> [YOUR INSTRUCTIONS]: The data below is to be transcribed word for word; pictures are to be excluded.

====================

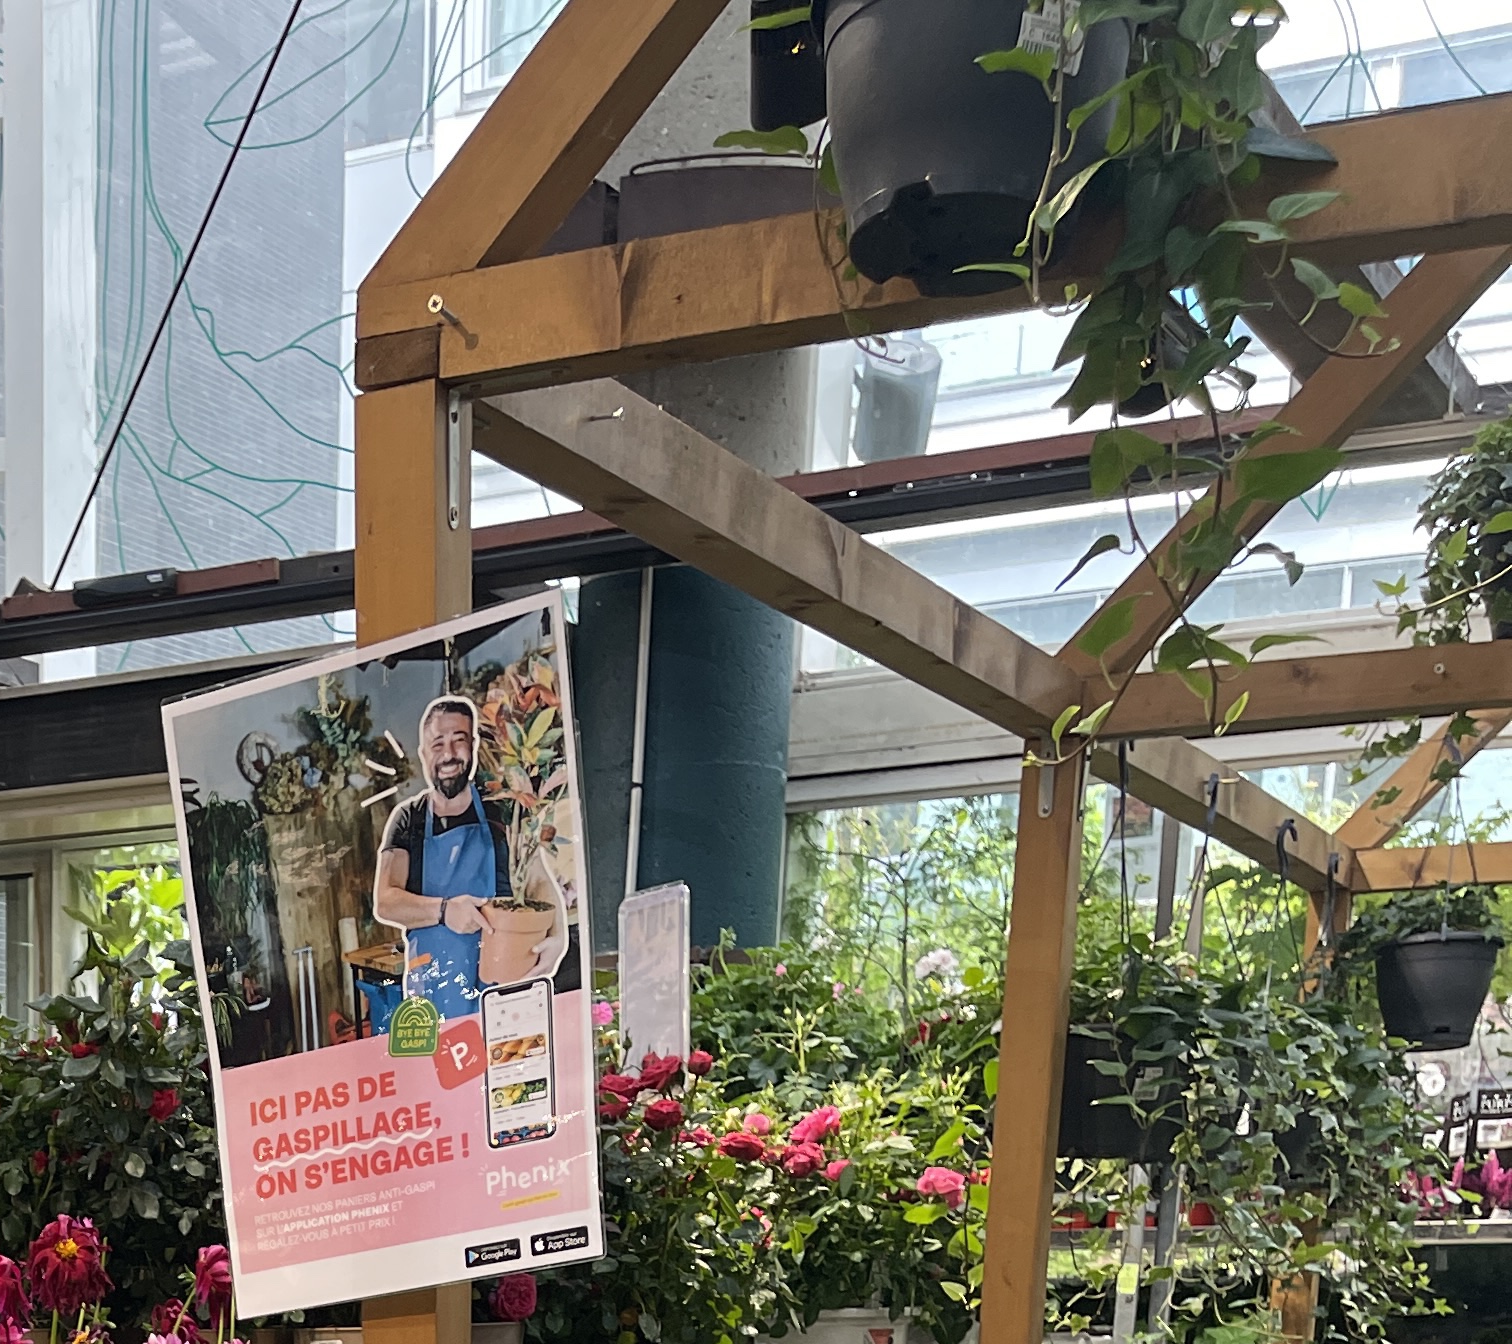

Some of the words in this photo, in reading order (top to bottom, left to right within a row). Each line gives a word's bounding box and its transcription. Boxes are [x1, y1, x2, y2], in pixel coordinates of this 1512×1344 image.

[250, 1095, 287, 1127] ICI
[294, 1082, 350, 1117] PAS
[357, 1071, 397, 1103] DE
[252, 1101, 442, 1163] GASPILLAGE,
[255, 1168, 298, 1200] ON
[461, 1132, 470, 1159] !
[254, 1204, 310, 1226] RETROUVEZ
[311, 1200, 334, 1215] NOS
[335, 1192, 377, 1210] PANIERS
[378, 1180, 436, 1201] ANTI-GASPI
[256, 1225, 277, 1239] SUR
[351, 1203, 390, 1220] PHENIX
[391, 1200, 403, 1213] ET
[480, 1250, 504, 1261] Google
[548, 1240, 564, 1250] App
[564, 1235, 586, 1246] Store
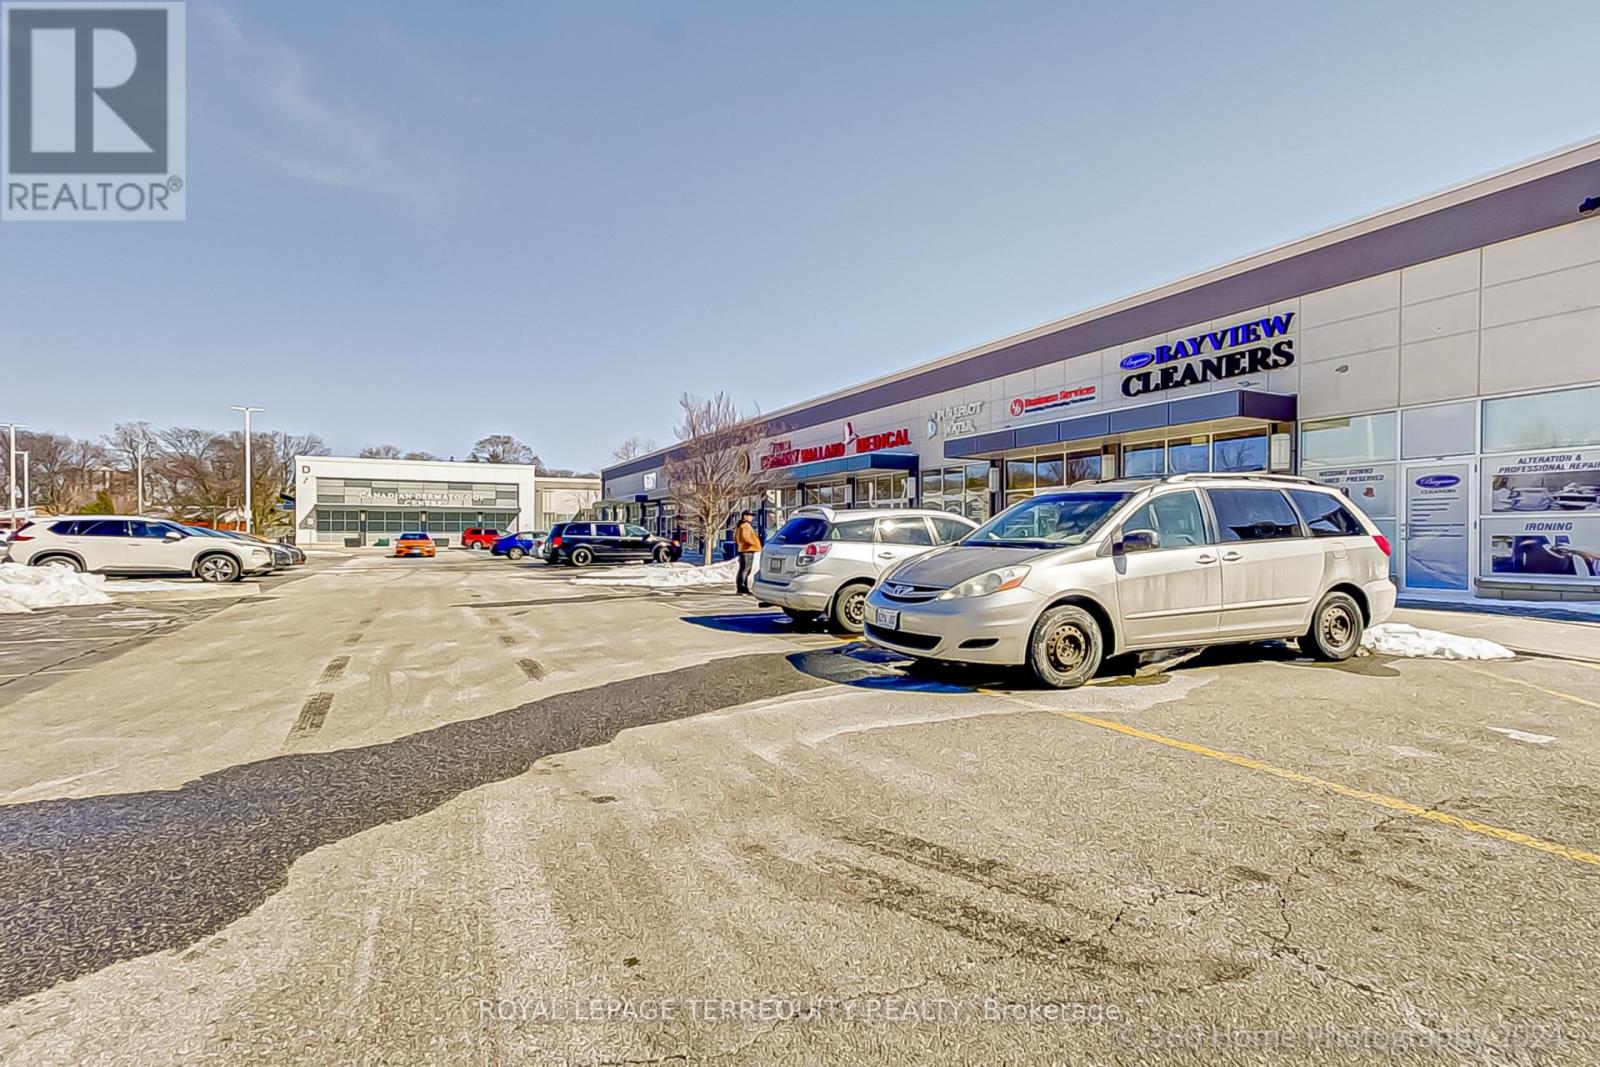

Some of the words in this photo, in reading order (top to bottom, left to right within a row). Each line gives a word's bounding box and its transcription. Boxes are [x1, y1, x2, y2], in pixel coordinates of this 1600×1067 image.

====================

> [ANSWER TO THIS EXERCISE]:
Some of the words in this photo, in reading order (top to bottom, left to right within a row). Each line gives a word's bounding box and its transcription. Boxes are [x1, y1, x2, y2], in pixel coordinates of this 1512×1344 image.

[250, 1095, 287, 1127] ICI
[294, 1082, 350, 1117] PAS
[357, 1071, 397, 1103] DE
[252, 1101, 442, 1163] GASPILLAGE,
[255, 1168, 298, 1200] ON
[461, 1132, 470, 1159] !
[254, 1204, 310, 1226] RETROUVEZ
[311, 1200, 334, 1215] NOS
[335, 1192, 377, 1210] PANIERS
[378, 1180, 436, 1201] ANTI-GASPI
[256, 1225, 277, 1239] SUR
[351, 1203, 390, 1220] PHENIX
[391, 1200, 403, 1213] ET
[480, 1250, 504, 1261] Google
[548, 1240, 564, 1250] App
[564, 1235, 586, 1246] Store

Some of the words in this photo, in reading order (top to bottom, left to right within a row). Each line gives a word's bounding box and its transcription. Boxes are [x1, y1, x2, y2], in pixel coordinates of this 1600×1067 image.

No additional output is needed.